---------- DATA
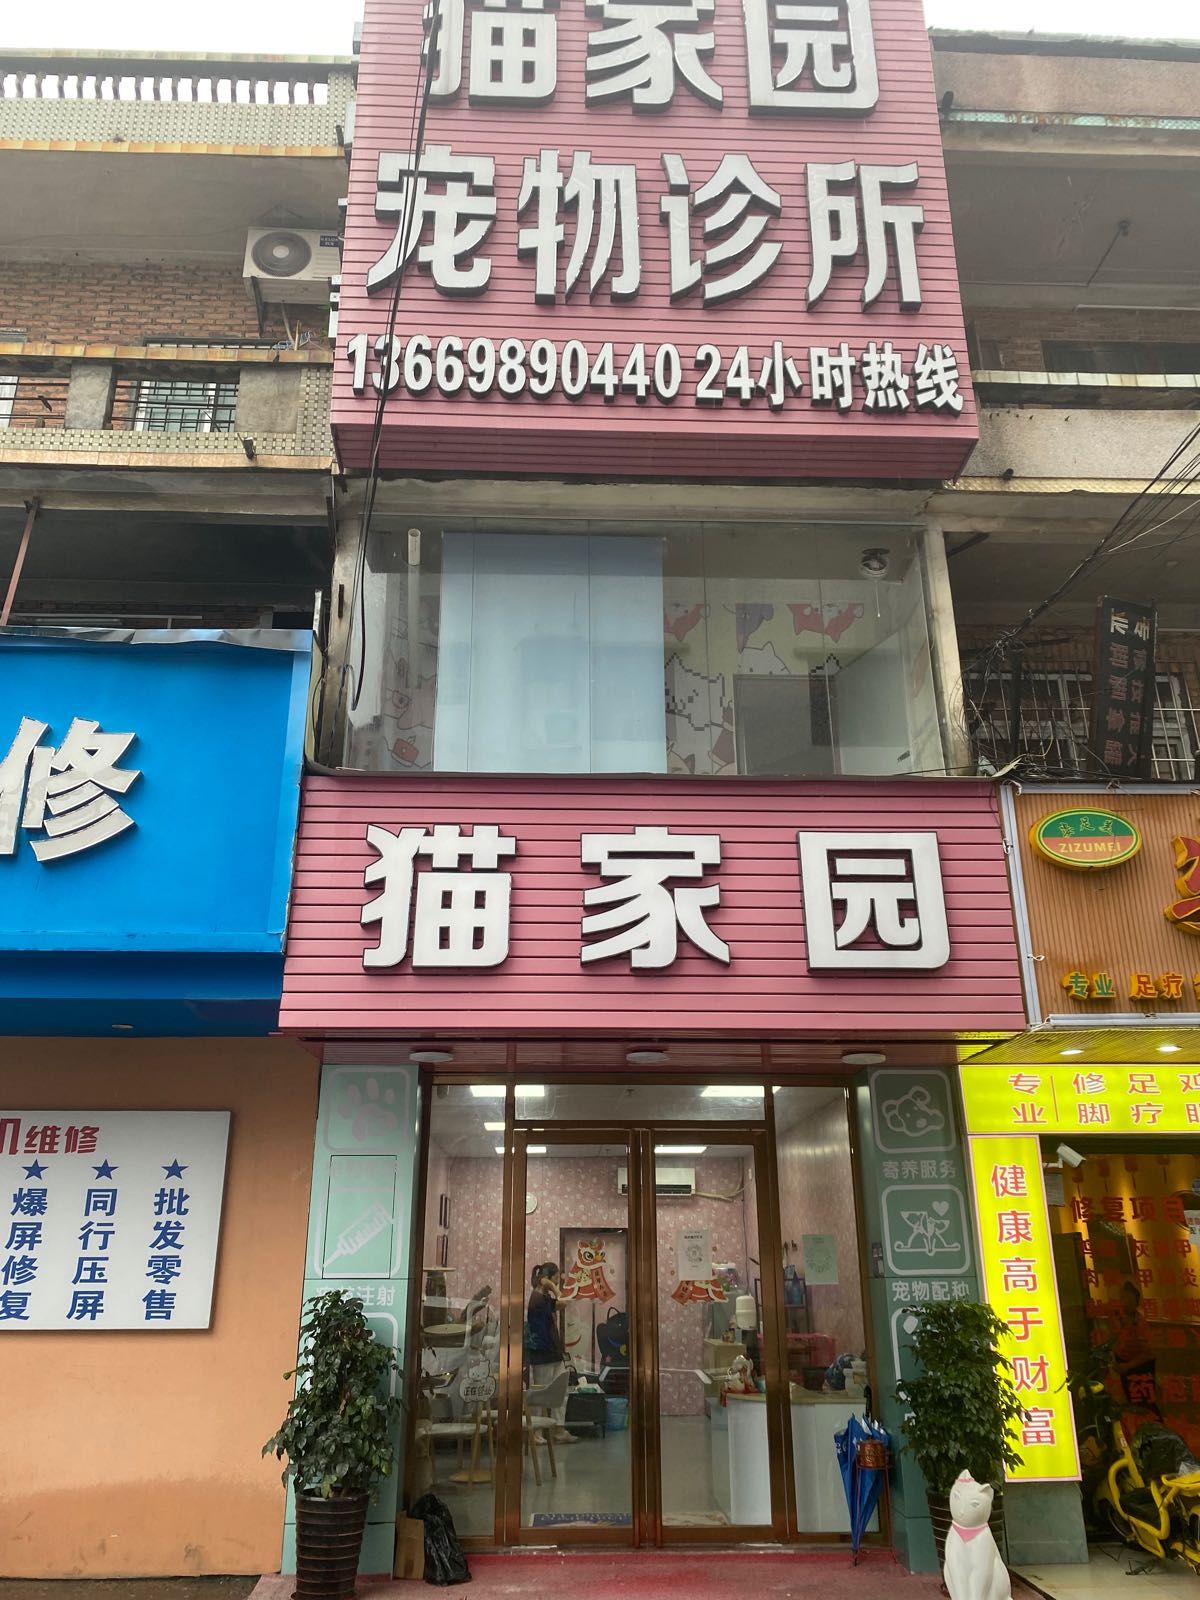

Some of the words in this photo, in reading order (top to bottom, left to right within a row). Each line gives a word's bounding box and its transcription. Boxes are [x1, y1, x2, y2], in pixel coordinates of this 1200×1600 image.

[367, 145, 924, 310] 宠物诊所
[347, 333, 682, 402] 13669890440
[694, 341, 964, 414] 24小时热线
[0, 716, 143, 864] 修
[1058, 841, 1122, 854] ZIZUMEI
[360, 823, 951, 972] 猫家园
[1064, 971, 1117, 1000] 专业
[1130, 972, 1185, 1001] 足疗
[1008, 1073, 1048, 1124] 专业
[1072, 1073, 1111, 1125] 修脚
[1128, 1073, 1164, 1124] 足疗
[882, 1160, 957, 1180] 寄养服务
[0, 1187, 49, 1321] 爆屏修复
[66, 1187, 118, 1321] 同行压屏
[141, 1187, 190, 1321] 批发零售
[892, 1281, 970, 1302] 宠物配种
[990, 1164, 1056, 1447] 健康高于财富
--------------------
**WORK TO COMPLETE:** This exercise calls for the records to be given again exactly, without the images.

**OUTPUT FOR THIS TASK:**
Some of the words in this photo, in reading order (top to bottom, left to right within a row). Each line gives a word's bounding box and its transcription. Boxes are [x1, y1, x2, y2], in pixel coordinates of this 1200×1600 image.

[367, 145, 924, 310] 宠物诊所
[347, 333, 682, 402] 13669890440
[694, 341, 964, 414] 24小时热线
[0, 716, 143, 864] 修
[1058, 841, 1122, 854] ZIZUMEI
[360, 823, 951, 972] 猫家园
[1064, 971, 1117, 1000] 专业
[1130, 972, 1185, 1001] 足疗
[1008, 1073, 1048, 1124] 专业
[1072, 1073, 1111, 1125] 修脚
[1128, 1073, 1164, 1124] 足疗
[882, 1160, 957, 1180] 寄养服务
[0, 1187, 49, 1321] 爆屏修复
[66, 1187, 118, 1321] 同行压屏
[141, 1187, 190, 1321] 批发零售
[892, 1281, 970, 1302] 宠物配种
[990, 1164, 1056, 1447] 健康高于财富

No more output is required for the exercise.